- [TASK ITEM]: Copy every record below exactly as it stands.

RECORDS SHOWN START

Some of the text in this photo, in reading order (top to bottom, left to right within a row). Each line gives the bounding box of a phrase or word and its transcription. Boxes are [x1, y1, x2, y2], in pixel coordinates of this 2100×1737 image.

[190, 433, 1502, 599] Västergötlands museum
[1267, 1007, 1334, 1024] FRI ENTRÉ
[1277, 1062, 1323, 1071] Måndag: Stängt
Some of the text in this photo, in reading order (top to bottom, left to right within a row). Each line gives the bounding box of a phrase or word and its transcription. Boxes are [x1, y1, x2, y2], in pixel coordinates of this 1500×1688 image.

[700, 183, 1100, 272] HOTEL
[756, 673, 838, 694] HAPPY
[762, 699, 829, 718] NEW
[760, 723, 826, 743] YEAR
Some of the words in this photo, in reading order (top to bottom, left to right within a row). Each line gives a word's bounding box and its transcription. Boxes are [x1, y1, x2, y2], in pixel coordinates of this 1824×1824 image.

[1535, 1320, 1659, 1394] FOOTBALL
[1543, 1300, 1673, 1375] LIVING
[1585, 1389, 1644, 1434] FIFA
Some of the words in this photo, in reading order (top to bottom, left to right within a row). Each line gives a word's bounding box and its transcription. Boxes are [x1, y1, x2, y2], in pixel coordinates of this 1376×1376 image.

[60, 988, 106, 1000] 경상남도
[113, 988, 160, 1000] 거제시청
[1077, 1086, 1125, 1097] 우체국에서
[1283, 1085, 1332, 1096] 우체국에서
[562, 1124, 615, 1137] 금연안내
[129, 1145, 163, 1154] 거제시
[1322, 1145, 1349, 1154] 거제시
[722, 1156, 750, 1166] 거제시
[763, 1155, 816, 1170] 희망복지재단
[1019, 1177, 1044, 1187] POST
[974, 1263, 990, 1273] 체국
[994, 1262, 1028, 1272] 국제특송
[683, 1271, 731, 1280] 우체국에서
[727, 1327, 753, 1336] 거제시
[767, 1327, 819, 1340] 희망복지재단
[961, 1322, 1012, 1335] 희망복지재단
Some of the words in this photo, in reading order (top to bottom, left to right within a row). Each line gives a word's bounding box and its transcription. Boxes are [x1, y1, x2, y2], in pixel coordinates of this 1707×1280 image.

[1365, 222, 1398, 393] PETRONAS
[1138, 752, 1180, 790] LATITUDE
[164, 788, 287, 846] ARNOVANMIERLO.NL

RECORDS SHOWN END

- [RESPONSE AREA]:
Some of the text in this photo, in reading order (top to bottom, left to right within a row). Each line gives the bounding box of a phrase or word and its transcription. Boxes are [x1, y1, x2, y2], in pixel coordinates of this 2100×1737 image.

[190, 433, 1502, 599] Västergötlands museum
[1267, 1007, 1334, 1024] FRI ENTRÉ
[1277, 1062, 1323, 1071] Måndag: Stängt
Some of the text in this photo, in reading order (top to bottom, left to right within a row). Each line gives the bounding box of a phrase or word and its transcription. Boxes are [x1, y1, x2, y2], in pixel coordinates of this 1500×1688 image.

[700, 183, 1100, 272] HOTEL
[756, 673, 838, 694] HAPPY
[762, 699, 829, 718] NEW
[760, 723, 826, 743] YEAR
Some of the words in this photo, in reading order (top to bottom, left to right within a row). Each line gives a word's bounding box and its transcription. Boxes are [x1, y1, x2, y2], in pixel coordinates of this 1824×1824 image.

[1535, 1320, 1659, 1394] FOOTBALL
[1543, 1300, 1673, 1375] LIVING
[1585, 1389, 1644, 1434] FIFA
Some of the words in this photo, in reading order (top to bottom, left to right within a row). Each line gives a word's bounding box and its transcription. Boxes are [x1, y1, x2, y2], in pixel coordinates of this 1376×1376 image.

[60, 988, 106, 1000] 경상남도
[113, 988, 160, 1000] 거제시청
[1077, 1086, 1125, 1097] 우체국에서
[1283, 1085, 1332, 1096] 우체국에서
[562, 1124, 615, 1137] 금연안내
[129, 1145, 163, 1154] 거제시
[1322, 1145, 1349, 1154] 거제시
[722, 1156, 750, 1166] 거제시
[763, 1155, 816, 1170] 희망복지재단
[1019, 1177, 1044, 1187] POST
[974, 1263, 990, 1273] 체국
[994, 1262, 1028, 1272] 국제특송
[683, 1271, 731, 1280] 우체국에서
[727, 1327, 753, 1336] 거제시
[767, 1327, 819, 1340] 희망복지재단
[961, 1322, 1012, 1335] 희망복지재단
Some of the words in this photo, in reading order (top to bottom, left to right within a row). Each line gives a word's bounding box and its transcription. Boxes are [x1, y1, x2, y2], in pixel coordinates of this 1707×1280 image.

[1365, 222, 1398, 393] PETRONAS
[1138, 752, 1180, 790] LATITUDE
[164, 788, 287, 846] ARNOVANMIERLO.NL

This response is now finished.